- O governo brasileiro vai assinar um projeto que transforma o Conselho Administrativo de Defesa Econômica (Cade) em uma agência reguladora das redes sociais.
- A nova regulação permitirá que o Cade atue de forma preventiva, estabelecendo normas para as práticas das grandes empresas de tecnologia.
- Atualmente, o Cade investiga empresas como Google, Apple e Microsoft, mas sua atuação é reativa.
- O projeto enfrenta resistência no Congresso, especialmente em ano eleitoral, com preocupações sobre a liberdade de expressão.
- A regulação é considerada urgente para proteger a concorrência e evitar que empresas dominantes prejudiquem concorrentes.
O governo brasileiro está prestes a assinar um projeto que transforma o Conselho Administrativo de Defesa Econômica (Cade) em uma agência reguladora das redes sociais. A minuta do projeto, elaborada pelo Ministério da Fazenda, aguarda a assinatura do presidente Lula e visa permitir uma atuação preventiva em relação às práticas das grandes empresas de tecnologia.

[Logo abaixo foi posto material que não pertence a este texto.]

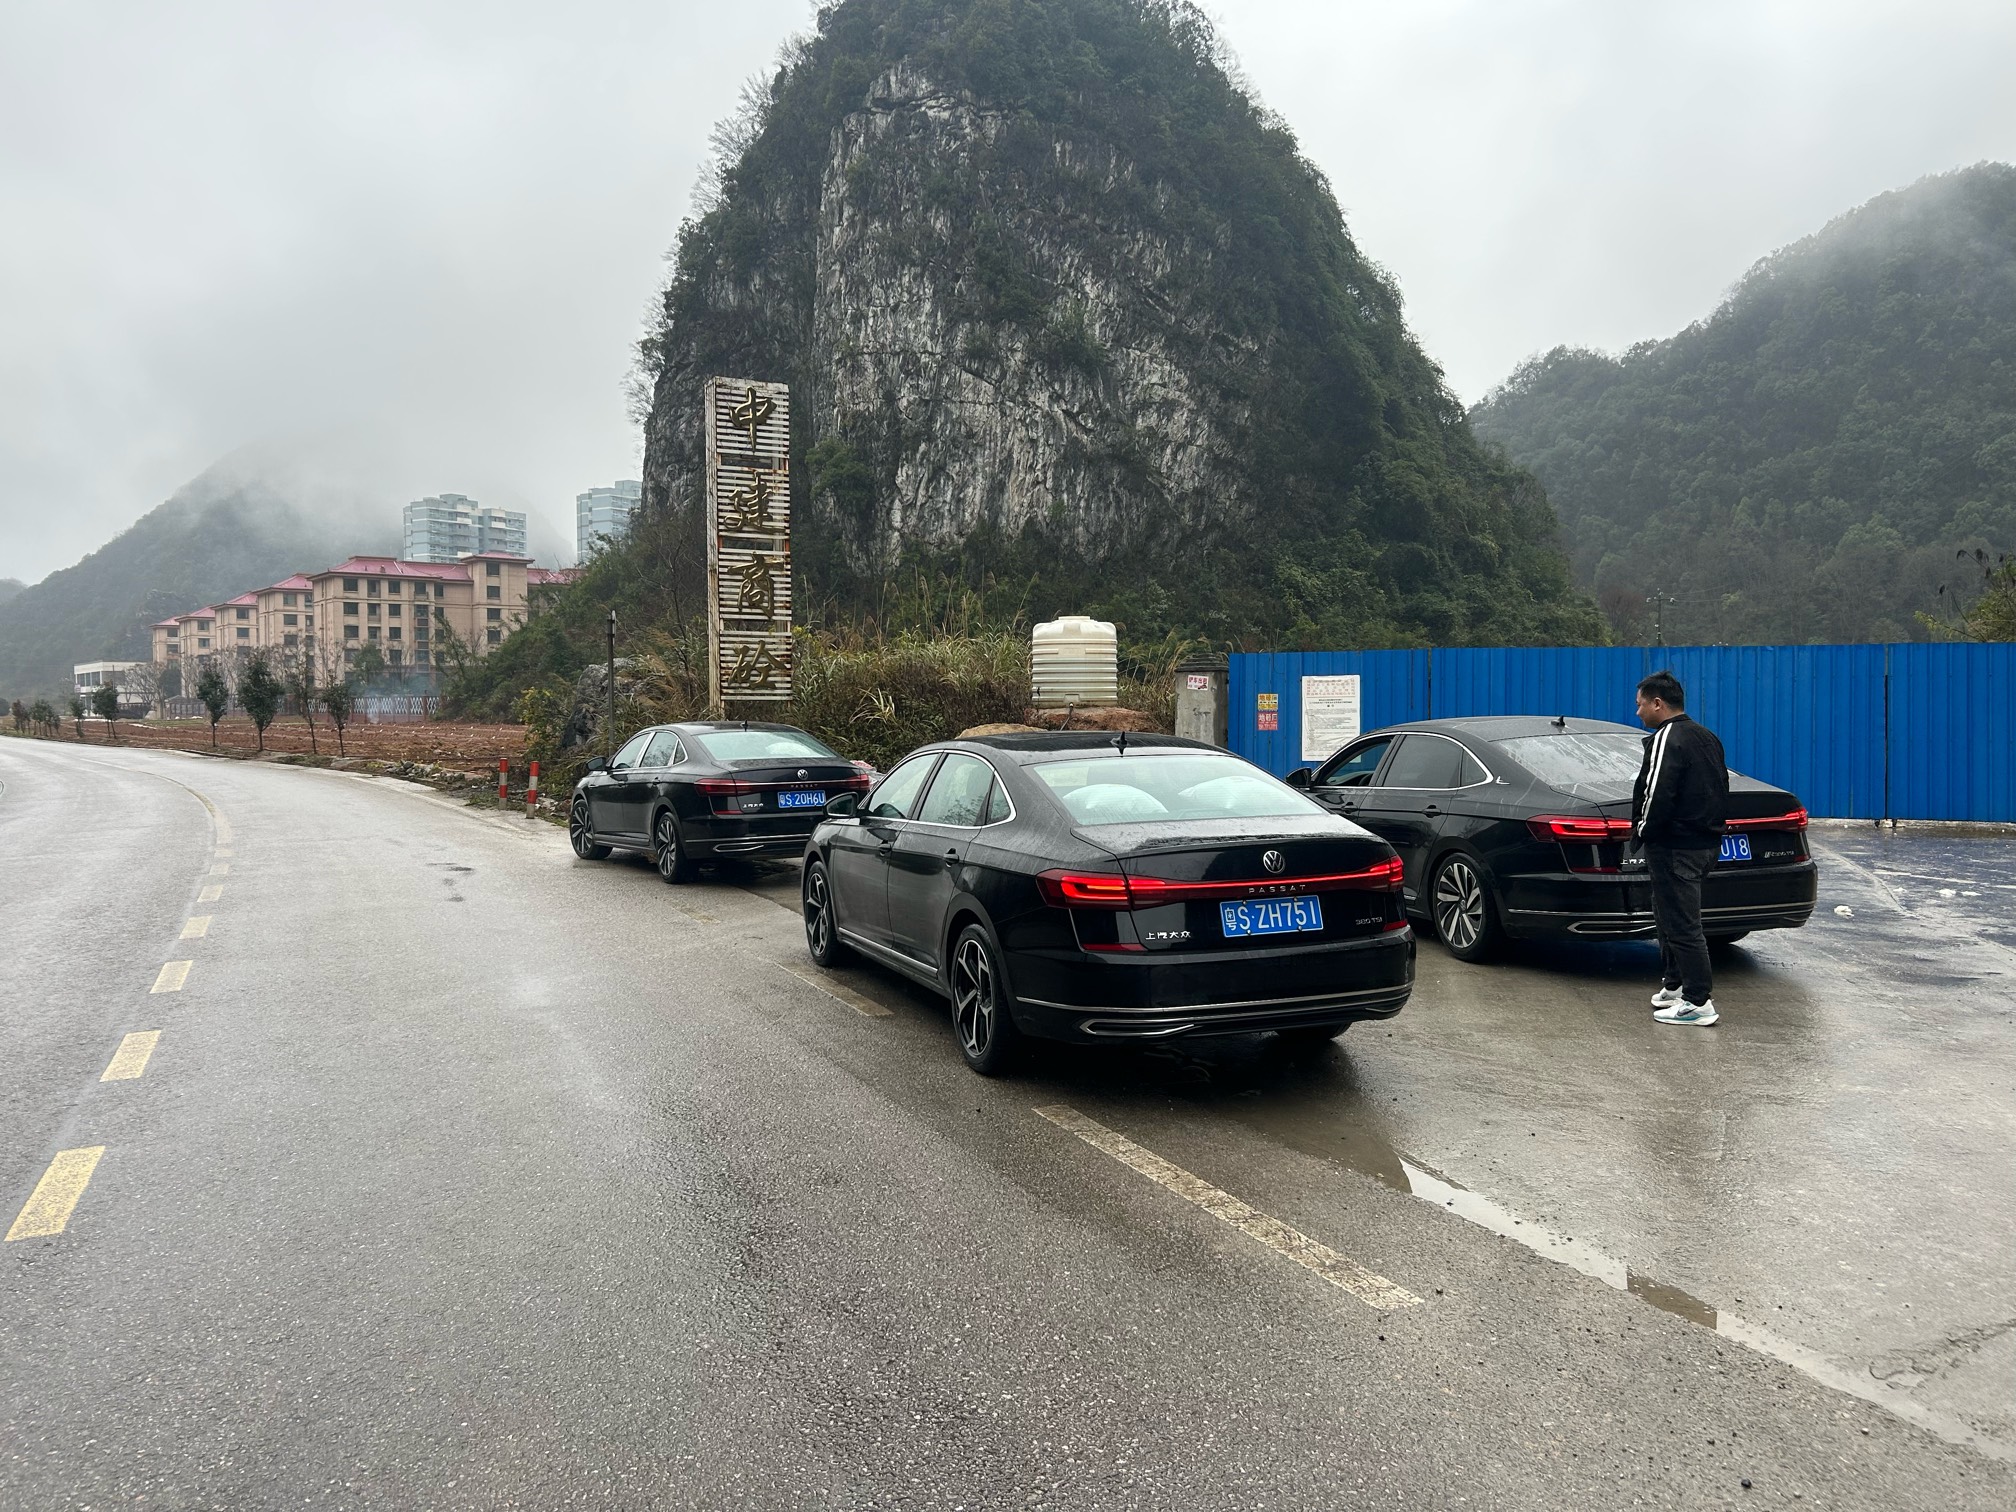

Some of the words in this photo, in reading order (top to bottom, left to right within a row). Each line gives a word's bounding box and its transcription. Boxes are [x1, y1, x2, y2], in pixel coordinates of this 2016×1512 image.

[1248, 884, 1306, 894] PASSAT
[1145, 930, 1191, 940] 上汽大众

Atualmente, o Cade já investiga gigantes como Google, Apple e Microsoft, mas sua atuação é reativa, lidando com problemas após sua ocorrência. A nova regulação permitirá que o órgão estabeleça normas sobre o que pode ou não ser feito pelas plataformas, buscando evitar práticas predatórias que prejudicam a concorrência. O modelo é inspirado em legislações europeias, como a da Alemanha, e foi desenvolvido após consultas públicas com a sociedade civil.
Resistência no Congresso
Após a assinatura, o projeto seguirá para o Congresso, onde enfrenta resistência, especialmente em um ano eleitoral. A oposição teme que a regulação interfira na liberdade de expressão e na criação de conteúdo. Recentemente, um projeto sobre conteúdo infantojuvenil recebeu aprovação simbólica no Senado, mas mesmo assim, houve votos contrários de partidos como PP, PL e Novo. Essa divisão indica que a regulação de redes sociais pode ser ainda mais controversa.

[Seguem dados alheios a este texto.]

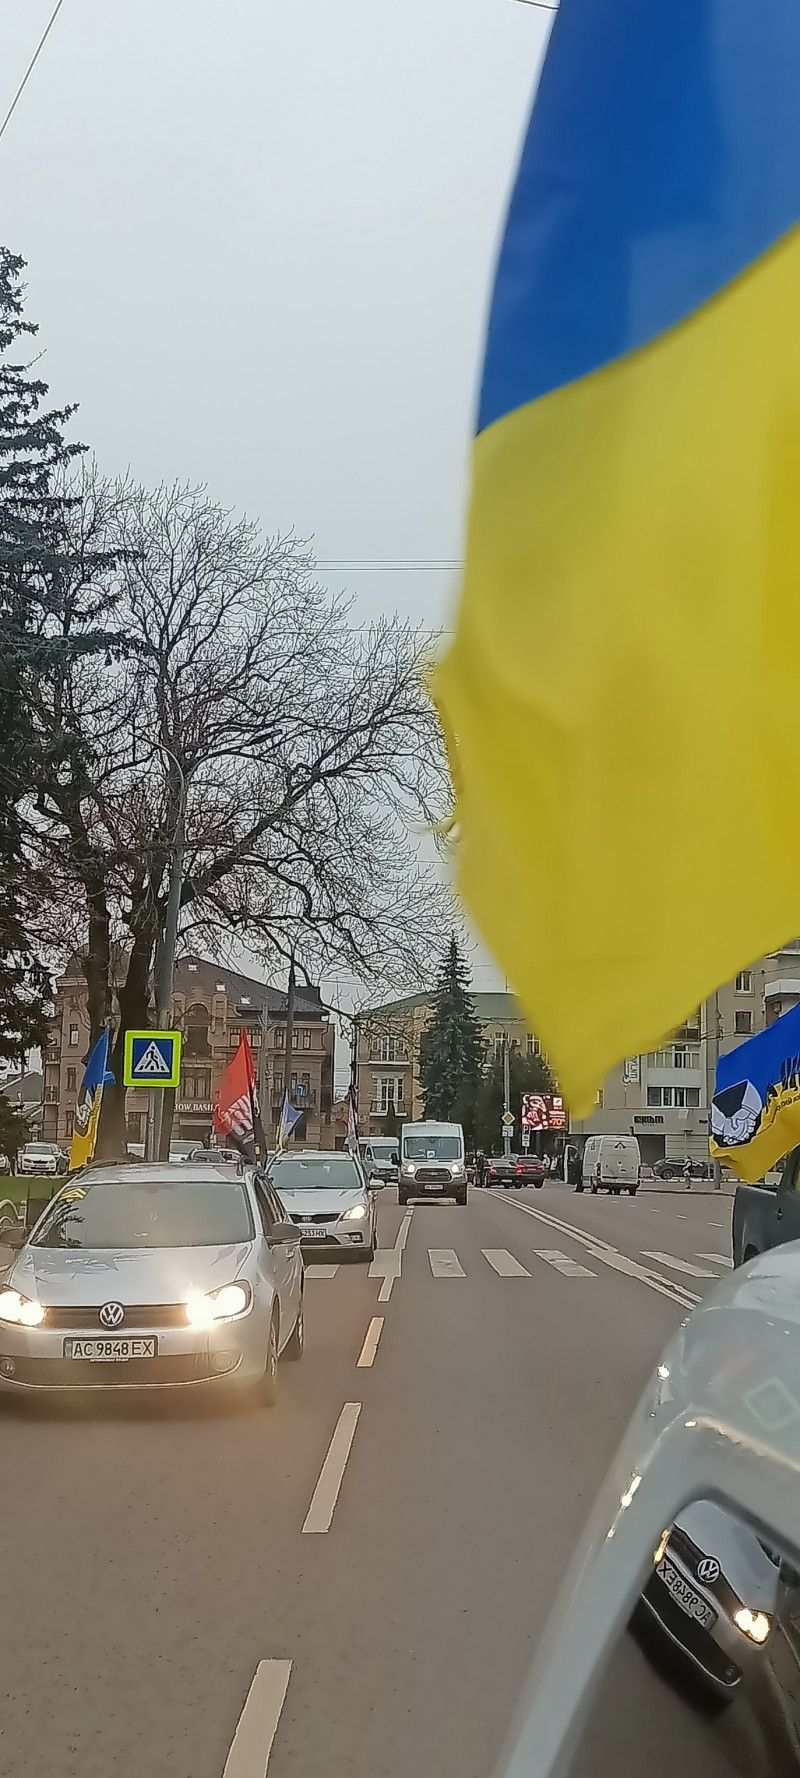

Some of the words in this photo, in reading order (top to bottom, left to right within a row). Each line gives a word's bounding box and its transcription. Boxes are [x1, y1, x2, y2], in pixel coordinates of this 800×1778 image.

A urgência da regulação é reforçada pela proximidade das eleições de 2024, que pode contaminar o debate público. O governo argumenta que a regulação é necessária para proteger a concorrência e evitar que empresas dominantes priorizem seus próprios serviços em detrimento de concorrentes. Estima-se que até sete empresas atuem no Brasil sem regulação, o que levanta preocupações sobre a equidade no mercado digital.
Desafios à Frente
Além da resistência política, o governo enfrenta um possível descontentamento de parte da coalizão que o apoia, o que pode dificultar a aprovação do projeto. A expectativa é que a discussão sobre a regulação das redes sociais se intensifique, especialmente com a proliferação de fake news que podem distorcer a proposta, apresentando-a como um controle do conteúdo na internet. O foco, no entanto, é a regulação econômica do setor, visando um ambiente mais justo para todos os usuários e empresas.